* TASK TO CARRY OUT
In the records below, locate the line containing "this 1620×1080 image."; output that line and every following line through the last, exactly.

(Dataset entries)
--- START ---

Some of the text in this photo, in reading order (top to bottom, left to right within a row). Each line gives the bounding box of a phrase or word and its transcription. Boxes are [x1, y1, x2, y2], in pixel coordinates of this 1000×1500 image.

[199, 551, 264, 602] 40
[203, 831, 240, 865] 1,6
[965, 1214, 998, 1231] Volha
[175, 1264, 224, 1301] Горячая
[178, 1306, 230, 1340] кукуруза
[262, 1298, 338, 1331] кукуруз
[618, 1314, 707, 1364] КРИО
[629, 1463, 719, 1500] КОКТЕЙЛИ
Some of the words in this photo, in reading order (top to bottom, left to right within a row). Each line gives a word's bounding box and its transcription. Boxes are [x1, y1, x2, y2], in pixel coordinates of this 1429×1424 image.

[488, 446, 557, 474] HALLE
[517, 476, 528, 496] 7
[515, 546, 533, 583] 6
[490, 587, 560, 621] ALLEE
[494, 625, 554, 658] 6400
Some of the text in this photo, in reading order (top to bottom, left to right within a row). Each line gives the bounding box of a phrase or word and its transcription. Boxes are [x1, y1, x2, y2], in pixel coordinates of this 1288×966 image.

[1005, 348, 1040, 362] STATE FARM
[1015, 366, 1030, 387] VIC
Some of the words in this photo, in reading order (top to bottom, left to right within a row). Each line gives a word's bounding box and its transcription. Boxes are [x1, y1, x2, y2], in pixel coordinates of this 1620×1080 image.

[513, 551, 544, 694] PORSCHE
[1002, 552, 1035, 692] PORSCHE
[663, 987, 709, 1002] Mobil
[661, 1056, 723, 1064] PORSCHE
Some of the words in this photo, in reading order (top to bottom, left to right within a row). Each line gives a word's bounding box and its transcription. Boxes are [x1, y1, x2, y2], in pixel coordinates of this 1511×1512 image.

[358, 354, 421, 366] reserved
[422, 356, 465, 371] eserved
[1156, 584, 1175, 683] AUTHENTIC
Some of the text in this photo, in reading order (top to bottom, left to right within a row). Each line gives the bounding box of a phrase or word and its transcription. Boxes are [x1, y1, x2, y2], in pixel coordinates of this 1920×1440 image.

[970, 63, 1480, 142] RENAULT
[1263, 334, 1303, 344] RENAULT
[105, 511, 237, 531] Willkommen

--- END ---

* SOLUTION TO THE PROBLEM
Some of the words in this photo, in reading order (top to bottom, left to right within a row). Each line gives a word's bounding box and its transcription. Boxes are [x1, y1, x2, y2], in pixel coordinates of this 1620×1080 image.

[513, 551, 544, 694] PORSCHE
[1002, 552, 1035, 692] PORSCHE
[663, 987, 709, 1002] Mobil
[661, 1056, 723, 1064] PORSCHE
Some of the words in this photo, in reading order (top to bottom, left to right within a row). Each line gives a word's bounding box and its transcription. Boxes are [x1, y1, x2, y2], in pixel coordinates of this 1511×1512 image.

[358, 354, 421, 366] reserved
[422, 356, 465, 371] eserved
[1156, 584, 1175, 683] AUTHENTIC
Some of the text in this photo, in reading order (top to bottom, left to right within a row). Each line gives the bounding box of a phrase or word and its transcription. Boxes are [x1, y1, x2, y2], in pixel coordinates of this 1920×1440 image.

[970, 63, 1480, 142] RENAULT
[1263, 334, 1303, 344] RENAULT
[105, 511, 237, 531] Willkommen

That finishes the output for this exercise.